Tuberous sclerosis complex (TSC), a neurocutaneous disorder affecting ~1:6000 live births, affects ~50,000 in the US (1). In 85% of cases, the disorder results from mutations in the TSC1 (9q34) or TSC2 (16p13·3) genes that code for hamartin and tuberin, respectively. The latter are more common and cause more severe pathology (2 disease in multiple organs). Clinical symptoms and pathological findings in TSC are primarily from mammalian target of rapamycin complex 1 (mTORC1) hyperactivity. TSC affects multiple organ systems prominently involving the brain, skin, kidneys and lungs (3, 4). Neurological disorders are probably the leading cause of morbidity and mortality (5) - seizures affect up to 90% of patients, often with early onset and medical intractability, and are associated with high rates of intellectual disability and autism (6–9). Other neuropsychiatric disorders complicate TSC: language delays, impaired social and emotional skills, aggressive behavior, attention-deficit, anxiety, and affective and motor disorders (9, 10).

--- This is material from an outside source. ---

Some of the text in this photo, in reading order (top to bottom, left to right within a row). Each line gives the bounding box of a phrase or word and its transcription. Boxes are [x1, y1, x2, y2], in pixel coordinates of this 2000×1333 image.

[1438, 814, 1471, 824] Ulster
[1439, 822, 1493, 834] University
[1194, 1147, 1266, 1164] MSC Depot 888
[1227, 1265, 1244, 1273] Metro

TSC brain lesions include subependymal giant cell astrocytomas (SEGAs) and nodules that can occur throughout the brain [although predominate in subcortical nuclei (11)], cortical and subcortical tubers, cerebral cortex and cerebellum developmental malformations comprised of disorganized structures lacking six-layered lamination and containing dysplastic neurons, astrocytes and/or giant cells. The tubers’ number and size correlate in some studies with autism, intellectual disability and epilepsy severity (12, 13). In patients with refractory epilepsy and a single large tuber, its resection is associated with more than 90% reduction in seizures (14). The relation between MRI lesion burden and neurologic phenotype, however, is imperfect: TSC patients with many tubers can have normal IQ, while others with just a few may suffer severe intellectual disability (13). Moreover, some TSC patients with clinically symptomatic SEGAs have many cortical tubers but no seizures, and require no anti-epileptic medication. Finally, TSC animal models have been able to replicate hyper-excitable brains and seizures, but lack tubers (15–17).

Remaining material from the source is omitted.